Mimmo Paladino, autore del Palio di Feltre 2025, è già noto alla realtà feltrina: nel 2010 aveva infatti realizzato per il Museo Diocesano l’opera Il valore dell’uomo, in occasione della mostra Il Medio Evo delle Dolomiti. Ospitalità, arte, fede. Proprio questo lavoro sarà riproposto all’interno del nuovo allestimento, accanto a una selezione di libri d’artista realizzati dall’autore nel corso degli ultimi trent’anni.
Tra le opere in mostra figurano Quattro testi sacri per il terzo millennio (1994), con tavole dedicate al Cantico dei Cantici, alla Conversione di San Paolo, alla sura XVI del Corano e alla composizione poetica Il cibo e le sillabe. Saranno esposti anche Cher monsieur Einstein, verehrter Paul Valéry (2020), ispirato allo scambio epistolare tra il poeta francese e lo scienziato nel contesto delle leggi razziali del 1933, e Goerlitz-Stalag VIIIA (2021), pubblicato per l’ottantesimo anniversario della prima esecuzione del Quatuor pour la fin du Temps di Olivier Messiaen, composta in un campo di prigionia nazista. Completa il percorso Etrusco, una serie di ceramiche e tavole che esplorano in chiave simbolica e cromatica l’eredità culturale del popolo etrusco.

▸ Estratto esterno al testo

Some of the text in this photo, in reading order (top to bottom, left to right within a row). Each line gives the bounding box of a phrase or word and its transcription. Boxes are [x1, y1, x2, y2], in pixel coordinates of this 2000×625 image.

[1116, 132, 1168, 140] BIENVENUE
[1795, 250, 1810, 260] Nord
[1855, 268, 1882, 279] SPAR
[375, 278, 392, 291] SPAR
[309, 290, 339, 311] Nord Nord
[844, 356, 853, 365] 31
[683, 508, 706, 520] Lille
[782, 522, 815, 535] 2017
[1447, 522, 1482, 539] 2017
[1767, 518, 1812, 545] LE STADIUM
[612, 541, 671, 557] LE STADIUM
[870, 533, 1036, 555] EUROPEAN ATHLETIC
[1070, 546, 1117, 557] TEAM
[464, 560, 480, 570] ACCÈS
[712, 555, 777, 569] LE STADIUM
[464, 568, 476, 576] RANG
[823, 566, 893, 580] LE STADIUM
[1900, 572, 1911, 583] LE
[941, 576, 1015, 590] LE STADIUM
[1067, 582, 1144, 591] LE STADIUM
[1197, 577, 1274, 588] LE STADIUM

Nato a Paduli (Benevento) nel 1948, Domenico Paladino – noto come Mimmo – è considerato uno dei protagonisti dell’arte contemporanea italiana. La sua attività spazia dalla pittura alla scultura, dall’incisione alla scenografia, con opere presenti in collezioni internazionali come il Moma e il Guggenheim di New York o la Tate Gallery di Londra.
Accanto alla ricerca estetica, non manca un impegno attento ai temi sociali. Ne sono testimonianza la Porta di Lampedusa. Porta d’Europa, monumento dedicato ai migranti, e le sue Madonne con Bambino ispirate al conflitto di Gaza.

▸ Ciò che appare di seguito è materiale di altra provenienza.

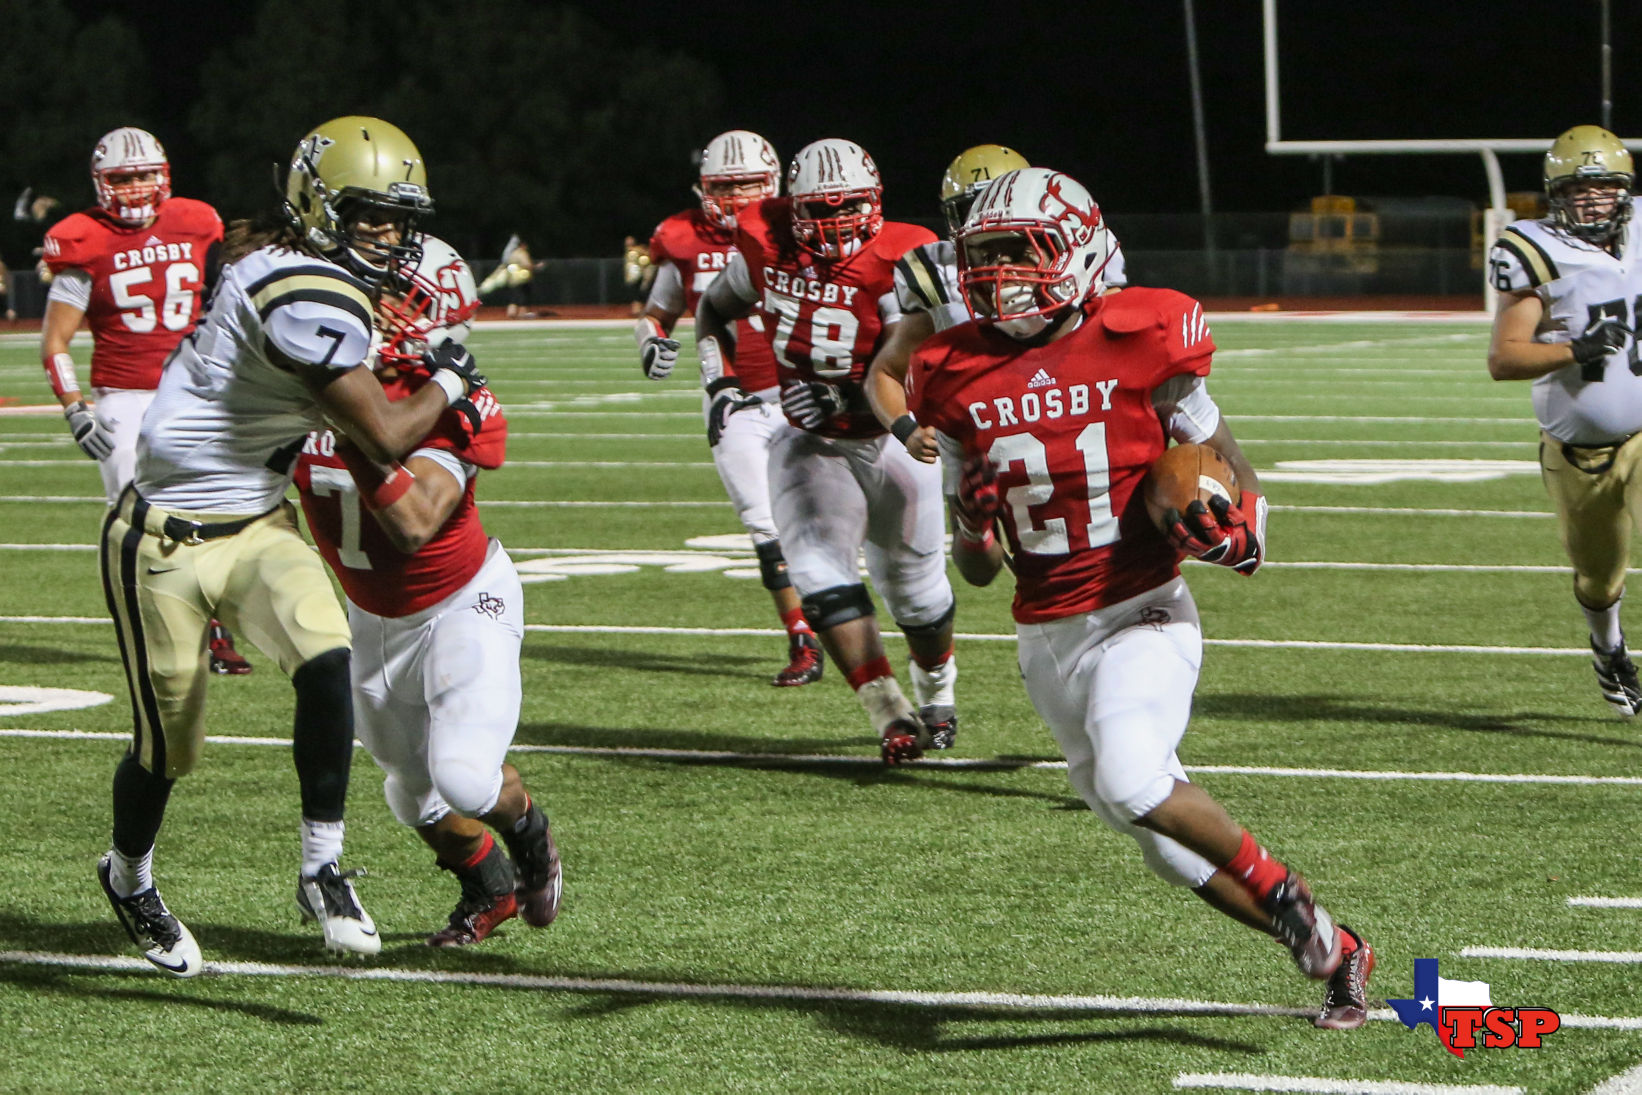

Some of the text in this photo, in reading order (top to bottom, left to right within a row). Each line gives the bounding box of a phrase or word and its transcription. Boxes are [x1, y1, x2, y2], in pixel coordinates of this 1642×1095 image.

[402, 160, 413, 182] 7
[970, 166, 991, 182] 71
[113, 242, 193, 270] CROSBY
[109, 262, 200, 333] 56
[762, 266, 859, 307] CROSBY
[315, 324, 346, 366] 7
[763, 287, 860, 378] 78
[1581, 293, 1642, 382] 7
[968, 378, 1119, 430] CROSBY
[986, 420, 1122, 556] 21
[309, 463, 374, 570] 7

A proposito del proprio lavoro, l’artista ha dichiarato: «La mia filosofia; attraversare i vari linguaggi dell’arte, sia in senso geografico che temporale, con la massima indipendenza tecnica e creativa. Nei miei quadri e nelle mie sculture la figura entra come un archetipo. Rinvia a un passato più o meno lontano. Ma si dà sempre come un insieme di segni che vengono assemblati quasi musicalmente».
I libri d’arte esposti al Museo Diocesano, concessi dalle Edizioni Colophon, costituiscono una parte significativa del suo percorso, espressione di un’energia creativa costantemente rinnovata da quella «innata curiosità che ogni giorno lo spinge a ricominciare, come se fosse la prima volta».